→ WHAT NEEDS TO BE DONE:
In the copy, include no pictures, but reproduce every record exactly.

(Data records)
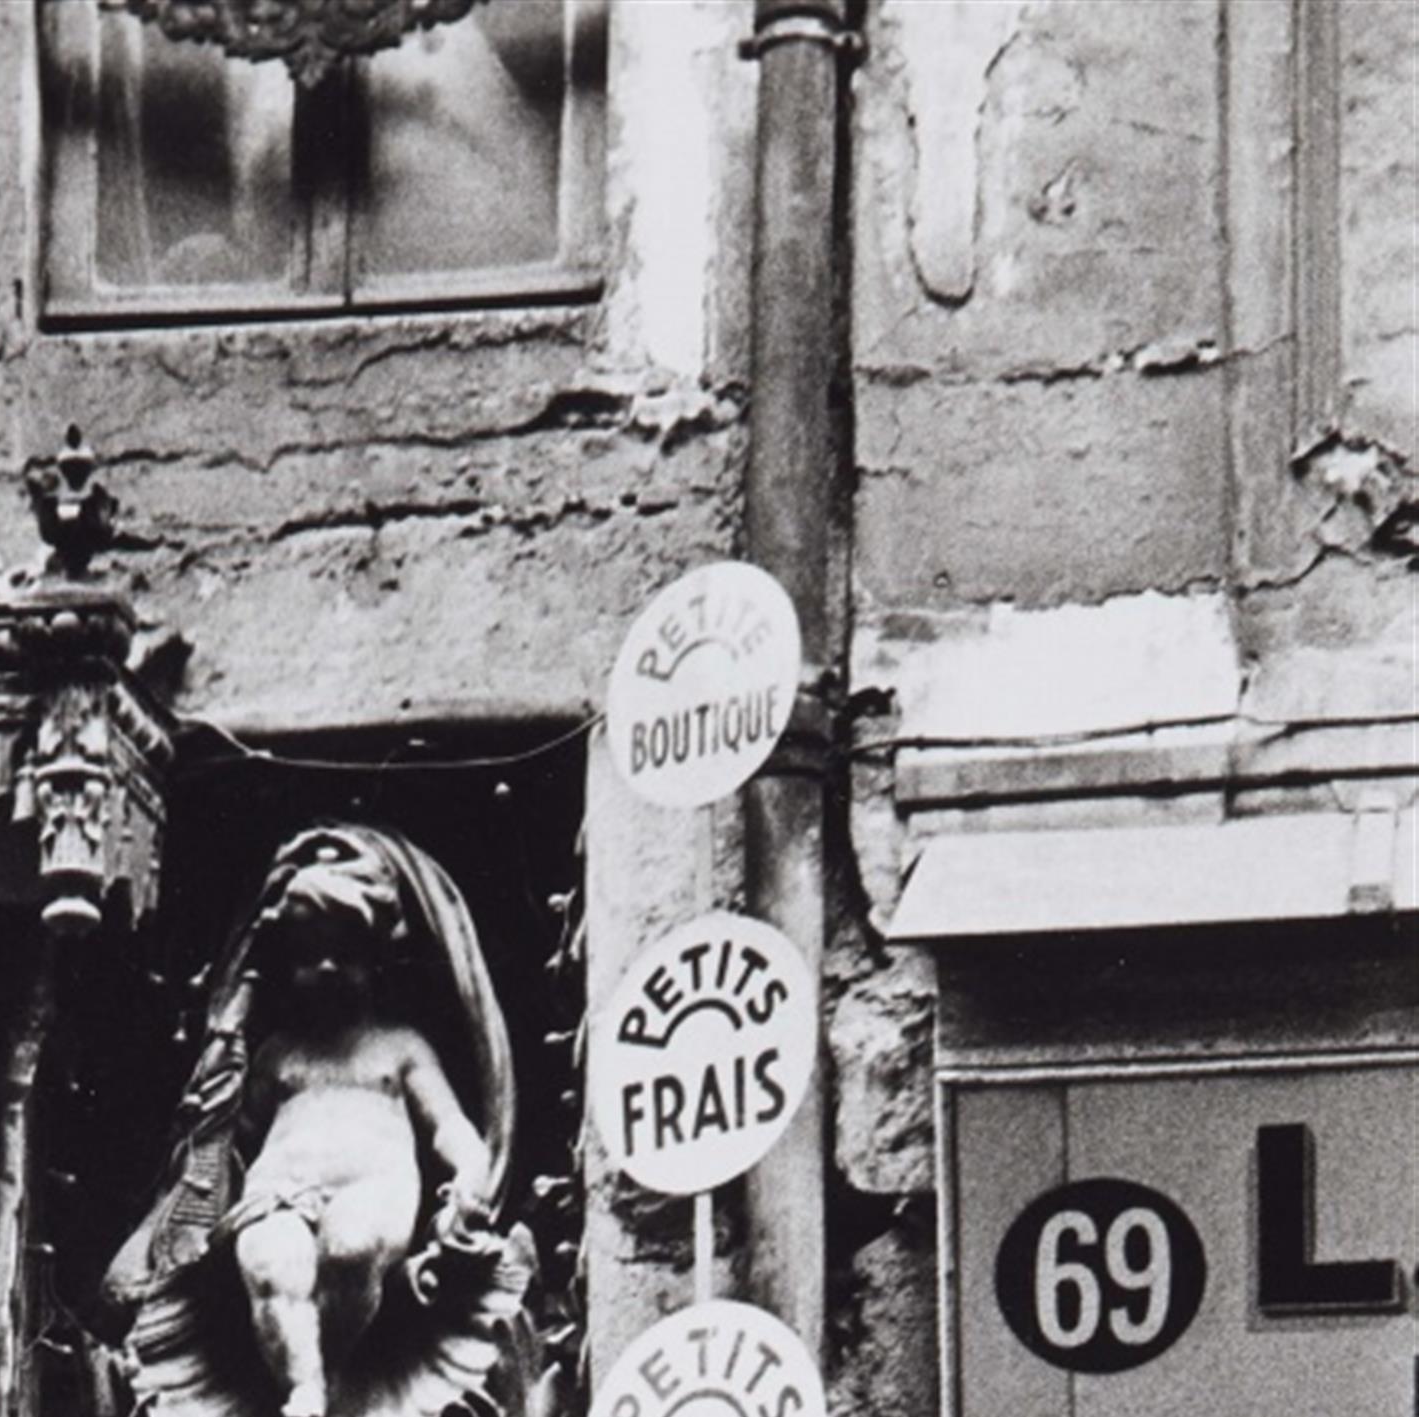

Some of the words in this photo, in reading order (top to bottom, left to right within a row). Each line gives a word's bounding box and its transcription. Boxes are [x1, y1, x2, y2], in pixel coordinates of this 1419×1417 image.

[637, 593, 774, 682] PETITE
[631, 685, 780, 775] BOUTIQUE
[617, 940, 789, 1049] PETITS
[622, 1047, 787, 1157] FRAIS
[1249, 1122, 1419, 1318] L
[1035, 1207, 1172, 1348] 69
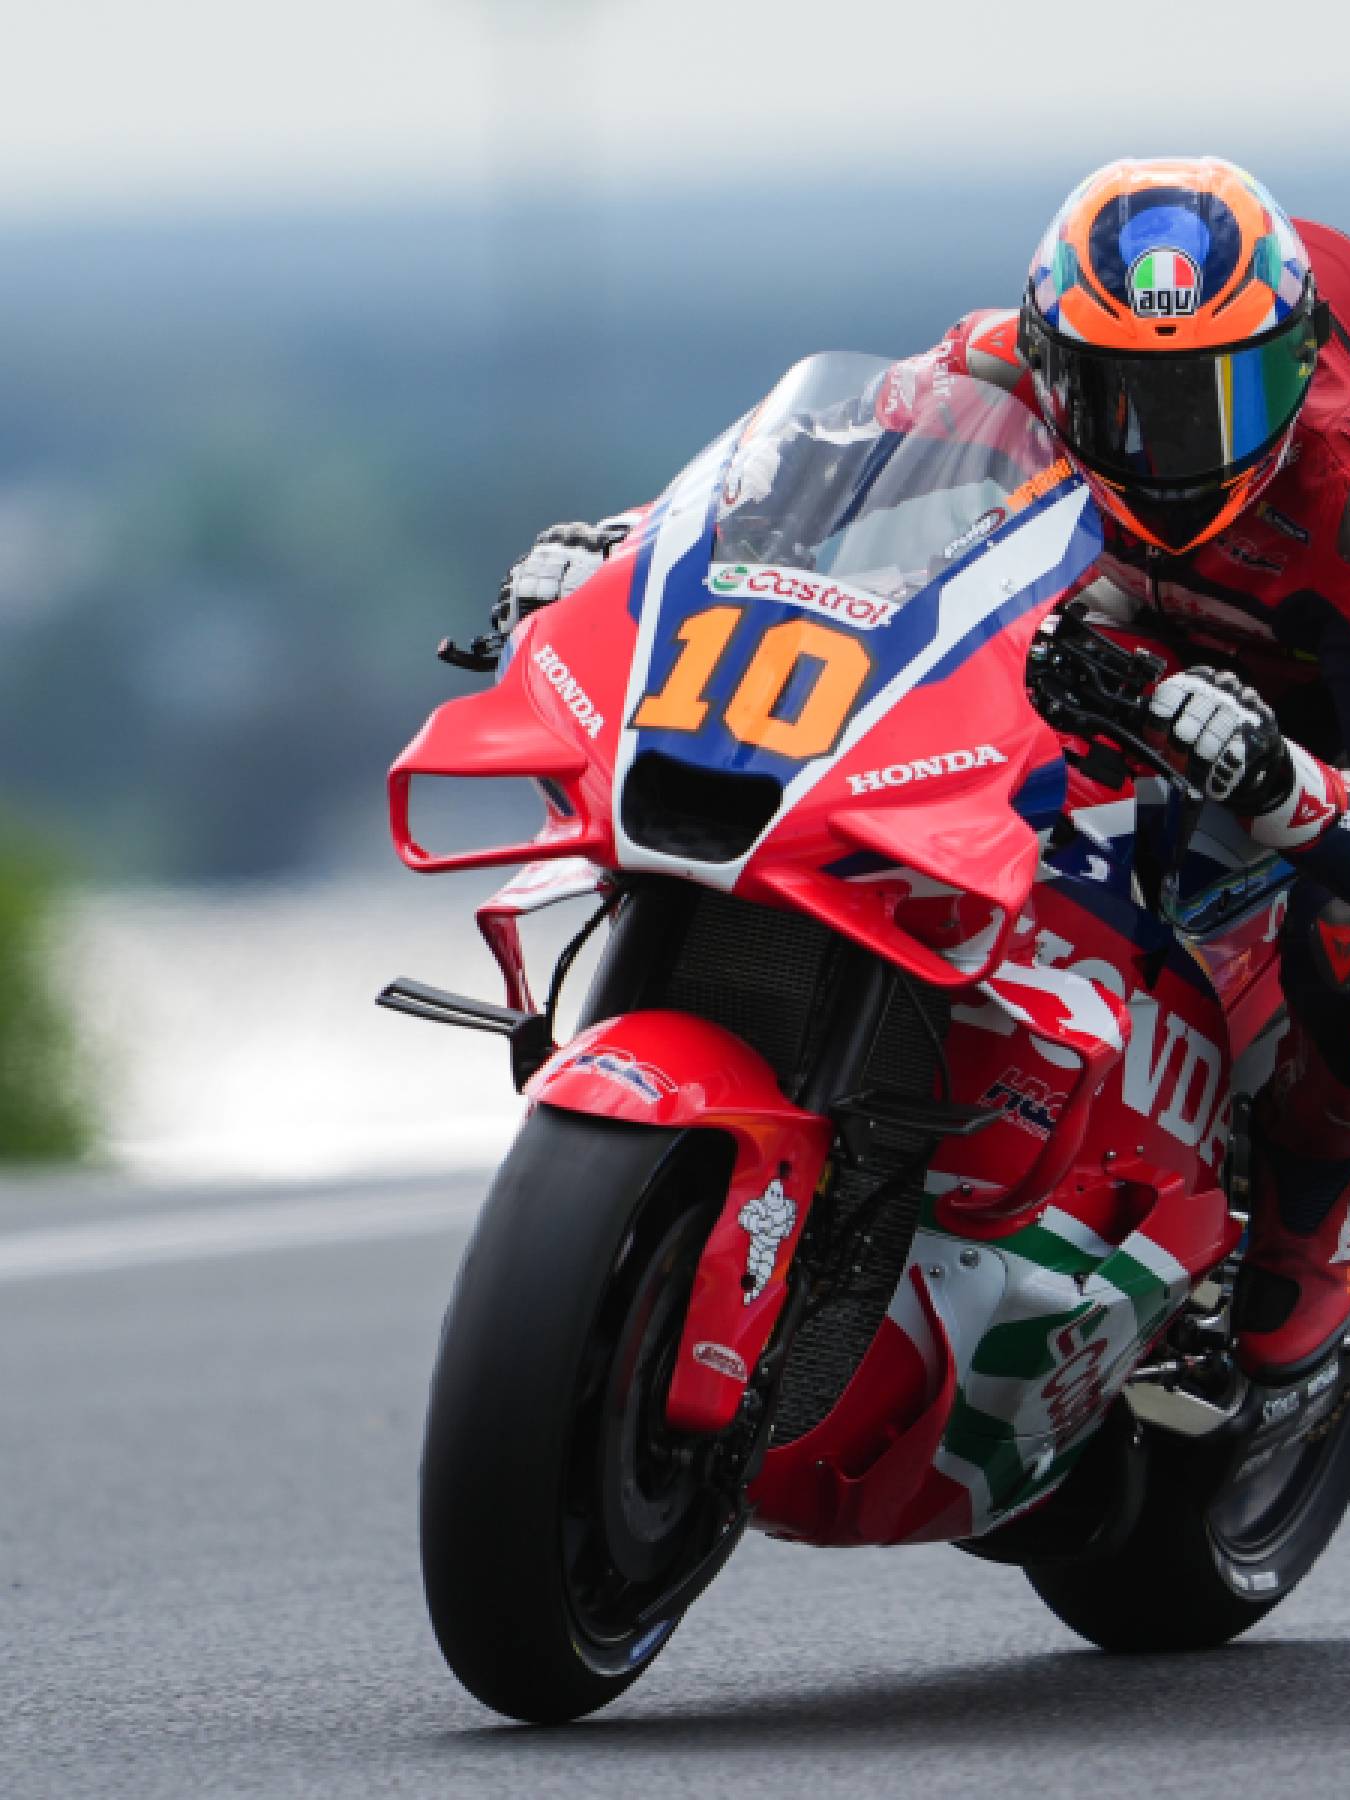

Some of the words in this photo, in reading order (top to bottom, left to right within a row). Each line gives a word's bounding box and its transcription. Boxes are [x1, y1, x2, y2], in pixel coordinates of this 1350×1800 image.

→ SOLUTION TO THE EXERCISE:
Some of the words in this photo, in reading order (top to bottom, left to right within a row). Each line gives a word's bounding box and its transcription. Boxes are [x1, y1, x2, y2], in pixel coordinates of this 1419×1417 image.

[637, 593, 774, 682] PETITE
[631, 685, 780, 775] BOUTIQUE
[617, 940, 789, 1049] PETITS
[622, 1047, 787, 1157] FRAIS
[1249, 1122, 1419, 1318] L
[1035, 1207, 1172, 1348] 69

Some of the words in this photo, in reading order (top to bottom, left to right within a row). Each line gives a word's bounding box and its transcription. Boxes are [x1, y1, x2, y2], in pixel coordinates of this 1350×1800 image.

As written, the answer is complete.